Sara Saleh (Australian)

Sara Saleh

Sara M. Saleh is an award-winning writer and lawyer with Palestinian, Egyptian and Lebanese heritage. Her poems and short stories have been published widely and she is co-editor of the ground-breaking 2019 anthology Arab, Australian, Other. Sara is the first and only poet to win both the 2021 Peter Porter Poetry Prize and the 2020 Judith Wright Poetry Prize. Her first novel is Songs for the Dead and the Living (Affirm Press, 2023). Her first poetry collection is The Flirtation of Girls (UQP, 2023).

Tony Birch (Australian)

Tony Birch

Tony Birch, a proud Fitzroy Blak, holds the Boisbouvier Chair in Australian Literature at Melbourne University. He is the author of three novels, five short fiction collections, and two poetry books. In 2022 his most recent book, Dark As Last Night was awarded the Christina Stead Literary Prize and the Steele Rudd Literary Award. The book was also shortlisted for the 2022 Prime Minister’s Literary Award for fiction. In 2023 he will release a new novel, Women and Children.

Paula Abood (Australian)

Paula Abood

 

Dr. Paula Abood is a cultural worker, writer and educator. She has engaged communities for over three decades, receiving the Australia Council's Ros Bower Award for lifetime achievement in community cultural practice (2013). Paula has been published in Australian Poetry Journal (2020), Arab Australian Other: Stories on Race and Identity (2019), and Sydney Review of Books (2016). She has written and directed plays (The Cartographer’s Curse, 2016) and blogs (Race and the City, 2010), and is Chair of Arab Theatre Studio.
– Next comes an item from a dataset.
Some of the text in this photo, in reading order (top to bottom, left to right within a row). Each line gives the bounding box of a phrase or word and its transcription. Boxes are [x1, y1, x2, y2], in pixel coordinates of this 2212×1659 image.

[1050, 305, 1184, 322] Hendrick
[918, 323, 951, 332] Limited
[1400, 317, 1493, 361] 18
Michael Mohammed Ahmad (Australian)

Michael Mohammed Ahmad

Michael Mohammed Ahmad is the founding director of Sweatshop Literacy Movement and editor of the critically acclaimed anthology After Australia (Affirm Press, 2020). Mohammed is the multi-award-winning author of The Tribe (Giramondo, 2014), The Lebs (Hachette, 2018) and The Other Half of You (Hachette, 2021). He completed his Doctorate of Creative Arts from Western Sydney University in 2017.